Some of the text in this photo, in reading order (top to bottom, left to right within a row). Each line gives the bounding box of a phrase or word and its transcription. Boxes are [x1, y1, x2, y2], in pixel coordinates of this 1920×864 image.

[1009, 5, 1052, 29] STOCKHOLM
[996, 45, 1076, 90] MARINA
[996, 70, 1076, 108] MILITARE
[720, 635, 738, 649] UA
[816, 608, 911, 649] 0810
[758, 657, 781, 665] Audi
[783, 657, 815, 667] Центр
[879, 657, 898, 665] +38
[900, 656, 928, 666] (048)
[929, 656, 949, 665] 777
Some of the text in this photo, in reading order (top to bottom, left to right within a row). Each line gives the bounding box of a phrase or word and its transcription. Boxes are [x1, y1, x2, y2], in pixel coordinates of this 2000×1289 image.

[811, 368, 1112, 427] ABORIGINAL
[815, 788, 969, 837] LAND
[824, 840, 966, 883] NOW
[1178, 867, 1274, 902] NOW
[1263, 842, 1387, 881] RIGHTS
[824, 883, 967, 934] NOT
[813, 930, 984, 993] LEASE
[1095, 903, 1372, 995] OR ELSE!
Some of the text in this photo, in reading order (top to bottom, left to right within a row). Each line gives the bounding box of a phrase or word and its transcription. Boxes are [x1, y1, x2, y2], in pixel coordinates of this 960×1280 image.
---------------
▸ Work to be completed
Transcribe, in full, each record that appears above.

▸ Solution to the problem
Some of the text in this photo, in reading order (top to bottom, left to right within a row). Each line gives the bounding box of a phrase or word and its transcription. Boxes are [x1, y1, x2, y2], in pixel coordinates of this 1920×864 image.

[1009, 5, 1052, 29] STOCKHOLM
[996, 45, 1076, 90] MARINA
[996, 70, 1076, 108] MILITARE
[720, 635, 738, 649] UA
[816, 608, 911, 649] 0810
[758, 657, 781, 665] Audi
[783, 657, 815, 667] Центр
[879, 657, 898, 665] +38
[900, 656, 928, 666] (048)
[929, 656, 949, 665] 777
Some of the text in this photo, in reading order (top to bottom, left to right within a row). Each line gives the bounding box of a phrase or word and its transcription. Boxes are [x1, y1, x2, y2], in pixel coordinates of this 2000×1289 image.

[811, 368, 1112, 427] ABORIGINAL
[815, 788, 969, 837] LAND
[824, 840, 966, 883] NOW
[1178, 867, 1274, 902] NOW
[1263, 842, 1387, 881] RIGHTS
[824, 883, 967, 934] NOT
[813, 930, 984, 993] LEASE
[1095, 903, 1372, 995] OR ELSE!
Some of the text in this photo, in reading order (top to bottom, left to right within a row). Each line gives the bounding box of a phrase or word and its transcription. Boxes are [x1, y1, x2, y2], in pixel coordinates of this 960×1280 image.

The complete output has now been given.